The truth bore on the mind of Mr. T. till it produced its proper fruit—and he now says, that he is confident no other doctrine but that of the SIN of slaveholding, connected with an immediate breaking off from it, will influence the slaveholder to do justice.’
I see by the late Washington papers, that one of my South Carolina cousins, Robert Barnwell Rhett, the late Attorney General of the State, has come up to my help on this point, with his characteristic chivalry; [howbeit ‘he meaneth not so, neither doth his heart think so.’] In his late address to his Congressional Constituents, he says:—
‘Who that knows anything of human affairs, but must be sensible that the subject of abolition may be approached in a thousand ways, without direct legislation? By perpetual discussion, agitation and threats, accompanied with the real or imaginary power to perform, there will be need of no other action than words to shake the confidence of men in the safety and continuance of the institution of slavery, and its value and existence will be destroyed. These are all the weapons the abolitionist desires to be allowed to use to accomplish his purpose. When Congress moves, it will be the last act in the drama; and it will be prepared to enforce its legislation. To acknowledge the right, or to tolerate the act of interference at all with this institution, is to give it up—to abandon it entirely; and, as this must be the consummation of any interference, the sooner it is reached the better. The South must hold this institution, not amidst alarm and molestation, but in peace—perfect peace, from the interference or agitation of others; or, I repeat it, she will—she can—hold it not at all. … There is no one so weak, but he must perceive that, whilst the spirit of abolition in the North is increasing, slavery in the South, in all the frontier States, is decreasing.’
Farther, I may add the names of J. G. Birney of Alabama, John Thompson and a person named Meux, Jassamine County, Kentucky, J. M. Buchanan, Professor in Center College, Kentucky, Andrew Shannon, a Presbyterian minister in Shelbyville, Kentucky, Samuel Taylor, a Presbyterian minister of Nicholasville, Kentucky, Peter Dunn of Mercer County, Kentucky, a person named Doake in Tennessee, another named Carr in North Carolina, another named Harndon in Virginia—with a number of others, the particulars of whose cases I have not now by me, all of whom were slaveholders four years since, and were induced to emancipate their slaves through the influence of Anti-Slavery discussions and periodicals.
The Democrat, a political paper published at Rochester, New York, contained the following in the summer of 1835.
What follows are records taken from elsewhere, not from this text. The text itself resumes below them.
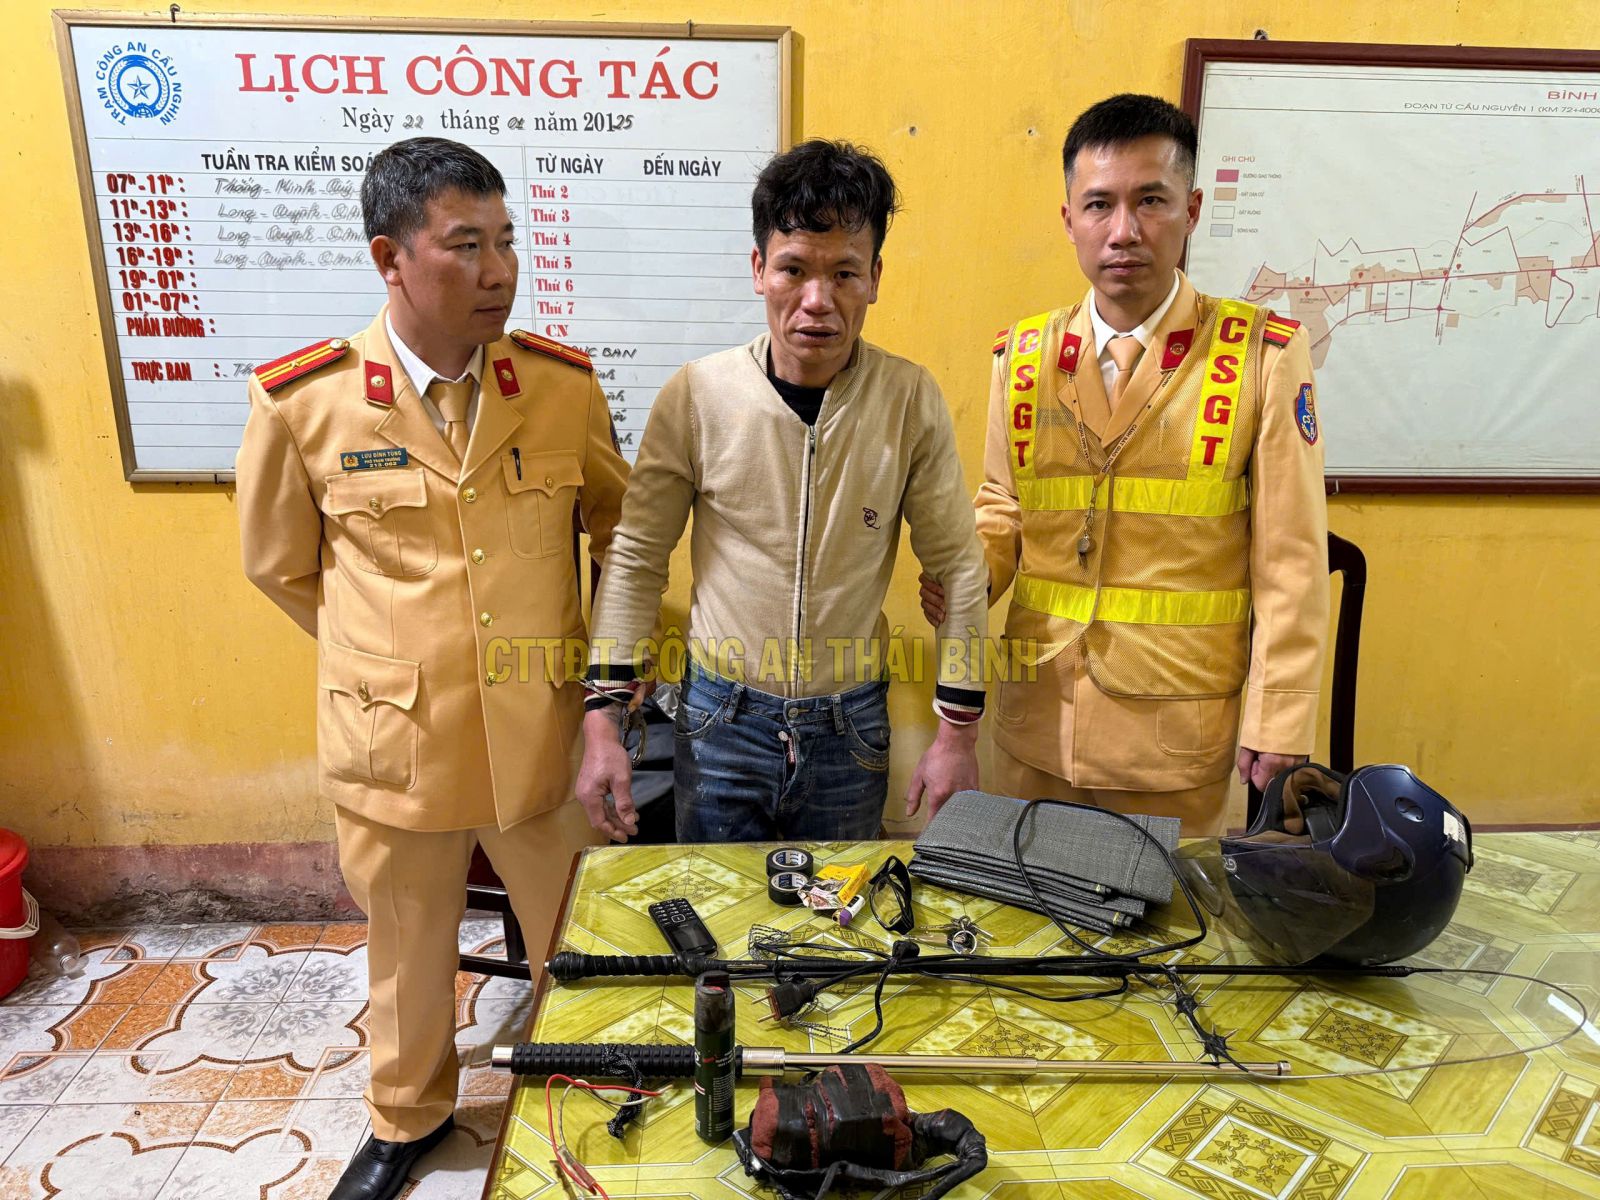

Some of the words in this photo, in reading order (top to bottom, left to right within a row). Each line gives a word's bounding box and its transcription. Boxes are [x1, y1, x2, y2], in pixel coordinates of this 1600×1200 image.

[127, 41, 147, 53] AN
[96, 45, 123, 80] CÔNG
[151, 49, 178, 76] CẦU
[235, 53, 388, 102] LỊCH
[405, 44, 582, 99] CÔNG
[600, 46, 719, 100] TÁC
[97, 87, 126, 126] TRẠM
[160, 82, 182, 126] NGHÌN
[1547, 90, 1597, 100] BÌNH
[341, 107, 394, 133] Ngày
[402, 114, 424, 130] 22
[440, 108, 500, 135] tháng
[534, 110, 578, 131] năm
[201, 147, 250, 170] TUẦN
[255, 154, 290, 171] TRA
[294, 146, 336, 172] KIỂM
[341, 152, 373, 172] SOÁ
[536, 153, 557, 173] TỪ
[561, 154, 603, 174] NGÀY
[643, 153, 674, 176] ĐẾN
[679, 156, 721, 177] NGÀY
[530, 184, 555, 199] Thứ
[560, 185, 568, 199] 2
[531, 208, 556, 222] Thứ
[561, 209, 570, 223] 3
[532, 232, 557, 245] Thứ
[563, 232, 571, 246] 4
[534, 255, 559, 269] Thứ
[564, 256, 572, 269] 5
[535, 278, 560, 292] Thứ
[565, 279, 574, 292] 6
[537, 301, 562, 314] Thứ
[567, 302, 575, 315] 7
[545, 324, 569, 338] CN
[132, 360, 163, 384] TRỰC
[165, 362, 192, 381] BAN
[1013, 328, 1041, 468] CSGT
[1200, 316, 1248, 466] CSGT
‘On Saturday last, many of our citizens had an opportunity of witnessing a noble scene. On board the boat William Henry, then lying at the Exchange street wharf, were TEN SLAVES, or those who had recently been such, and several free persons of color. The master, a gentleman of more than seventy years of age, accompanied them. His residence was in Powhattan County, seventy miles below Richmond, Virginia. He was on his way to Buffalo, near which place he intends purchasing a large farm, where his ‘people,’ as he calls them, are to be settled. The above named gentleman was led to sacrifice much of this world’s lucre, besides some $5000 of human ‘property,’ by becoming convinced of the sinfulness of his practice while reading Anti-Slavery publications.’
A letter now lies before me from an elder of a religious denomination in the far South-West, who was converted to Abolition sentiments by Anti-Slavery publications sent to him from the city of New York, and who has already emancipated his slaves, ten in number. The writer says, ‘my hopes are revived when I read of the progress of the cause in the Eastern States, and of the increase of Anti-Slavery Societies. My soul glows with gratitude to God for his mercy to the down-trodden slaves, in raising up for them in these days of savage cruelty, hundreds who, fearless of consequences, are standing up for the entire abolition of slavery, whom, though unseen, I dearly love. O! how it would delight me to listen to the public addresses of some of these dear friends.’